Dia de las Madres (Spanish Mother's Day 2018)
I’m 32. I’m still trying to figure out how 32 is supposed to feel. We are often encouraged to have a business or a family or a managerial position (or all three) by the time we hit 30. We should have it figured out, and if we happen to get married in our 20s, we should have at least one kid to validate our marriage and adult status. Or so we're told.
This morning I thought about my mom and myself, and I wondered how she felt when she was 32. I remember my impression of her when she was 32. My family and I lived in Germany at the time, I 12, my younger sister 3, and my parents working and raising two children away from the comforts and norms of U.S. living. My mom is an educator and decided to finish the school year at our schools in New Jersey before we moved across the pond to be with my dad in Germany. We were separated for a good 6 months, which is why I often say that I lived in Germany for 2.5 years.
My mother was always bawse to me. She reminded me of Claire Huxtable, dressed sharp as a tack with her pants or skirt suite and jaw length hair. And when she cut her hair, a la Halle Berry, well clutched the pearls and stopped the record. Mama was fierce. She was, and remains, an amazing balance of Type A ambitious with that “for the people, by the people,” humanity. She’s been a teacher since I came into this world, beyond teaching me about life and Faith, she served as my pre-school teacher one year when we lived in Savannah, GA. And I happened to be the star student of the class that year, no bias on part, I say it was all me. Mama didn’t play when it came to education and she didn’t let me cut corners, I earned every A.

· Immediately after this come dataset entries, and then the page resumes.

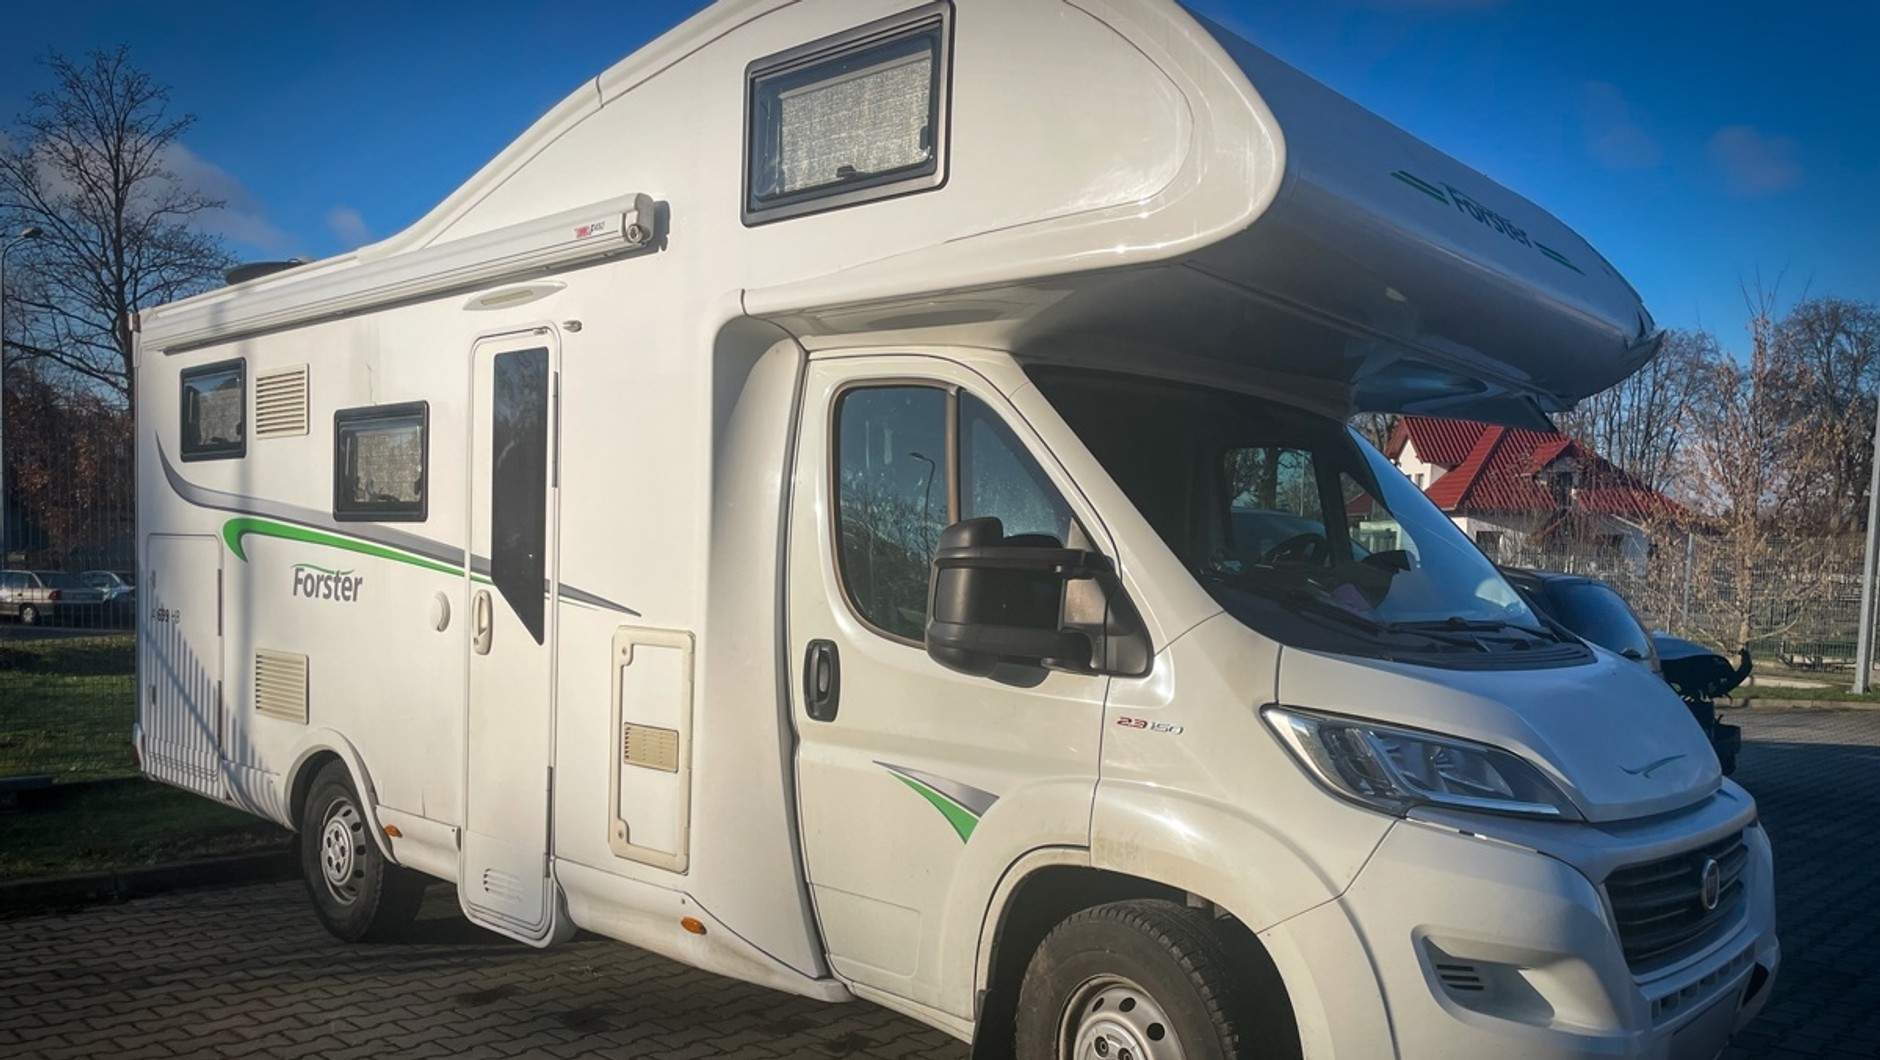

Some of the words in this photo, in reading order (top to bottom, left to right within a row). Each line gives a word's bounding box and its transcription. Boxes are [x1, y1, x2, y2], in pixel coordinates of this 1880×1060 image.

[1444, 184, 1533, 248] Forster
[293, 567, 363, 602] Forster
[1150, 722, 1184, 735] 150
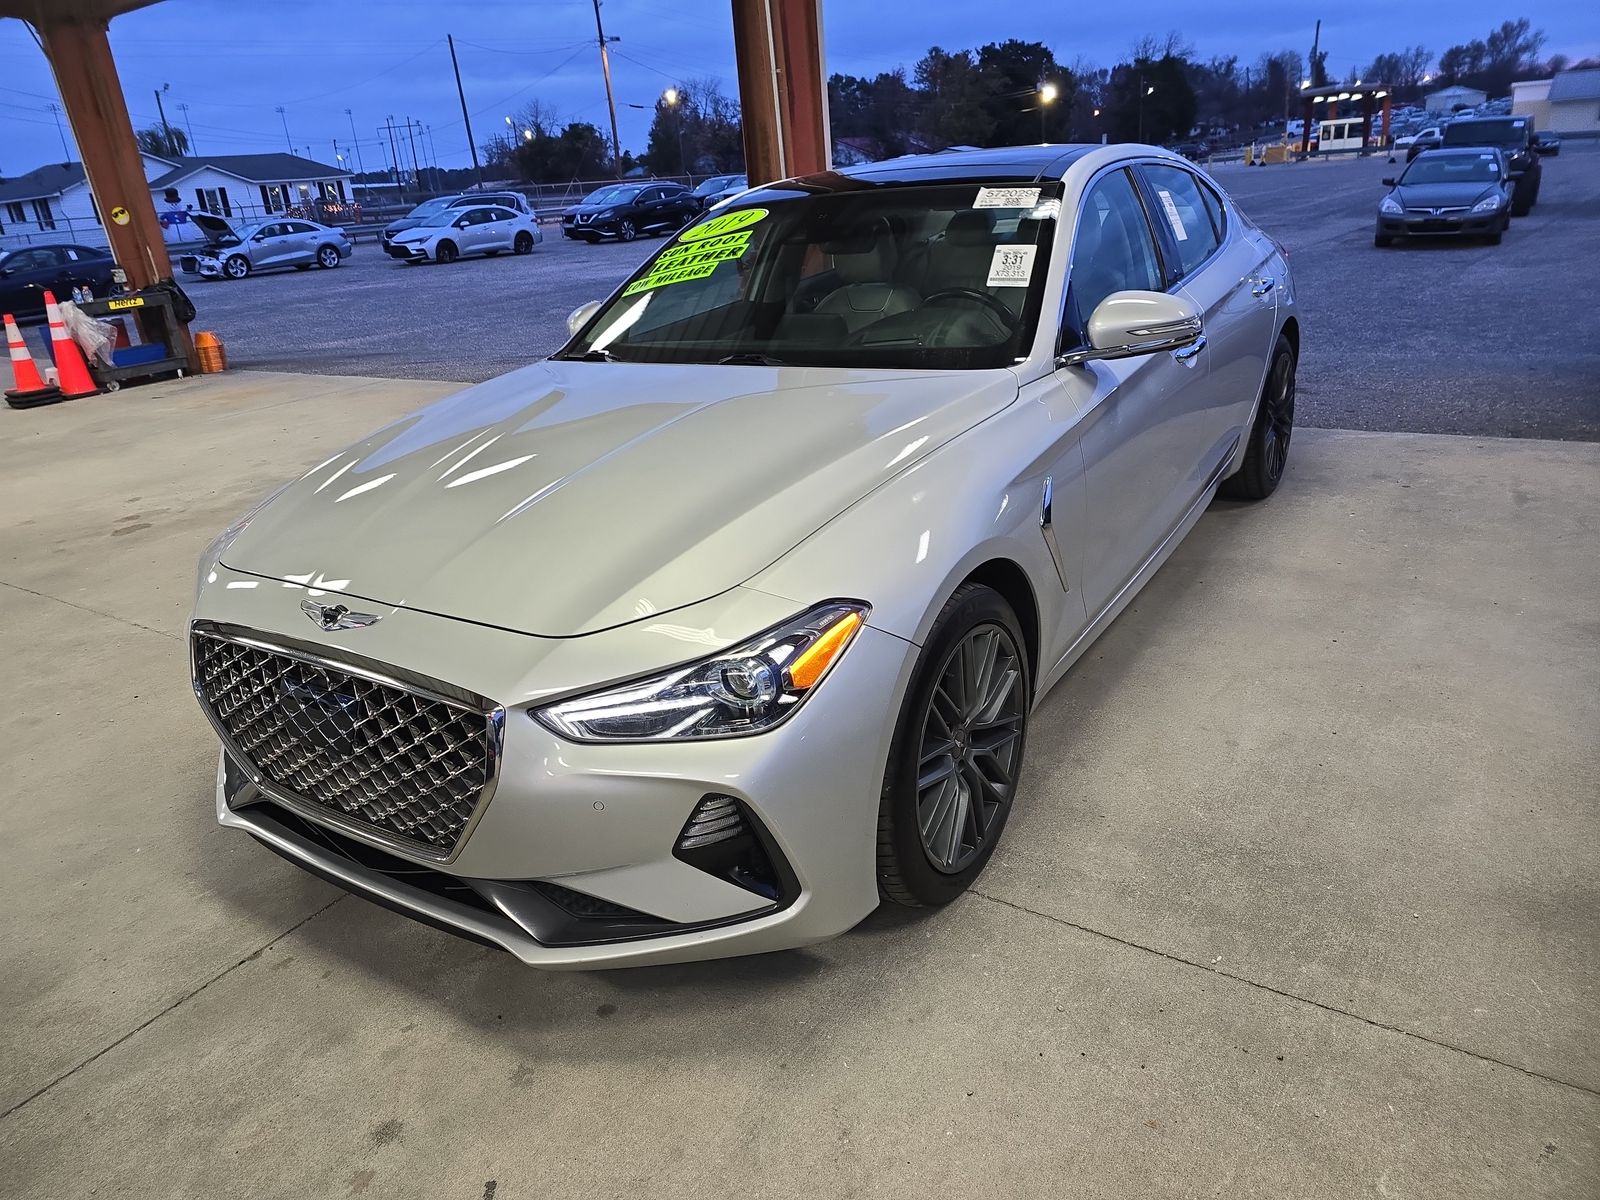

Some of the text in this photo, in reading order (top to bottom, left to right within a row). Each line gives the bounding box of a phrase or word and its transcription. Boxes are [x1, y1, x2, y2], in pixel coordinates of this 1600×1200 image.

[691, 212, 755, 238] 2019
[654, 246, 743, 273] LEATHER
[659, 233, 750, 260] SUN ROOF
[1002, 255, 1024, 265] 3:31
[626, 265, 712, 293] LOW MILEAGE
[115, 298, 137, 307] Hertz

She provided balance and always seemed so sure of herself. Maybe she had doubts and wondered what would happen at this crossroads or after that decision, but quit and give up weren’t in her vocabulary. I get a lot of my hustle hard mentality from her. When we arrived in Germany, she worked a few jobs selling Crystal dishes and pieces and whatever else she could do before officially being offered a position as a teacher in the Department of Defense Education System. She still managed to work at the crystal shop on the weekends and then landed a singing gig with a traveling Gospel choir. Y’all, my mama can’t sing. That was a miracle that they ever said yes to her audition. But there she was, a professional singer because she got paid for every gig and I believe they cut a C.D. #WontHeDoIt #MiraclesEveryDay #SheBelievedSheCouldSoSheDid
She has a great sense of humor and always found ways to ruffle my feathers as a teenager, reminded me to “live a little, and lighten up.” I was always what she would call, “prim and proper,” so anything that would throw me off my A game would tickle her purple, cause you know, brown black folks don’t get pink.

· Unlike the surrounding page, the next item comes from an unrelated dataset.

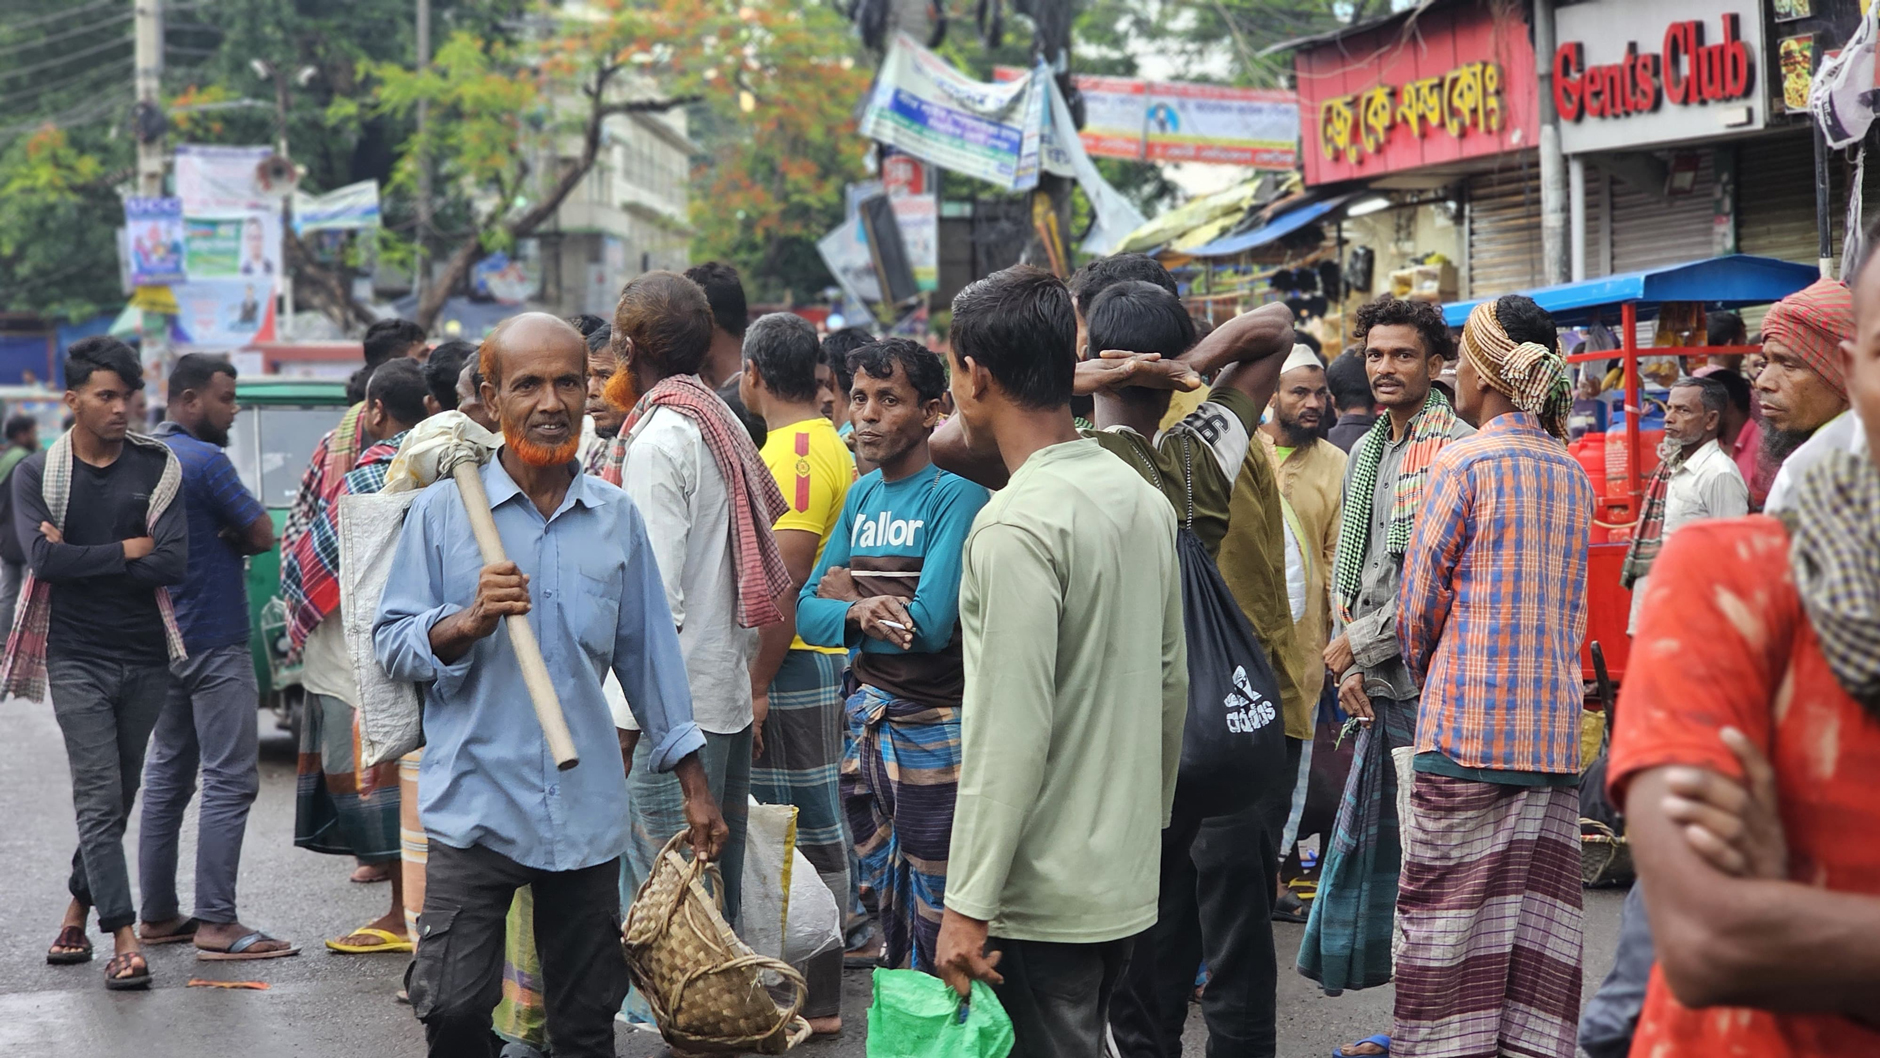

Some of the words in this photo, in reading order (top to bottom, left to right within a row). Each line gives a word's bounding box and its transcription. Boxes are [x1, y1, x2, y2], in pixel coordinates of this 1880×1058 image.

At 32, my husband and I are among the only people in our group of married peers that don’t have children. I don’t lament this fact, I state this observation because I’m curious to know how our life would be if, like our respective parents, we had started a family of our own at 20 or 25. I am at peace with our decision, especially given the fact that most of my friends don’t have children of their own, or are just starting their families in their 30s. There is this expectation that by your 30s, you should come to a full or better state of self awareness, speaking up, not mincing words or holding back, but fully walking into your own and expecting others around you to acknowledge your autonomy and even authority. Kids or no kids, your 30s are a time of making stuff happen and no turning back.
But I’m trying to figure out where we get this idea. Does it come from the realization that life is short and the older we get, the less time we have on earth and the closer we are to death? Is it media-based or just experience from the ups and downs of life, the heartache and hearty laughter and everything in between? Who determined that a woman's worth is synonymous with the number of children she has?
At 25, I realized I was old enough to be someone’s mom. At 18, I fought the strange stares of folks who assumed my sister was my daughter, but at 25 my awareness of being a woman of childbearing age was confirmed when a little girl assumed that two of my male cousins were my sons. I remember the little debate, laughing at her for thinking my pre-teenand teenage cousins could be my sons and laughing at myself for letting a 10 year old’s judgement get under my skin. I even asked my cousin, “do I look like I’m old enough to be your mother?” to which he replied, “no.” But at 25, my mother had a 5 year old, me. And at 30, my mother had an 8 year old and a new born. And at 32, my mother, father, sister and I were living in Germany.
I was the same age as my mom, when she first lived in Germany with her family and here I am living in Spain with my husband.
And I credit my mom and The Almighty for the example that she provided. Because of her, I knew that a woman could be professional. Because of her, I knew that a woman had the sheer strength to maintain stability while her husband was away in a foreign land fighting another man’s war, and of course well before technology and cell phones could help us stay in touch. Because of her, I knew that ambitious and woman could be used interchangeably and that a vocal and woke woman was not a curse to be shunned but a trait to be celebrated. I marvel at the women who do it. The women who raise daughters and sons to be socially conscious global citizens with self awareness and fearless determination. I’m grateful for the women in my life, my grandmothers, aunties and cousins who chose to be greater than the sum of societies limits and equations. I'm grateful for the rule breakers and the norm shakers who never knew they couldn’t be at the table, in the board room, at the White House or the equivalent of their country’s political decision making space.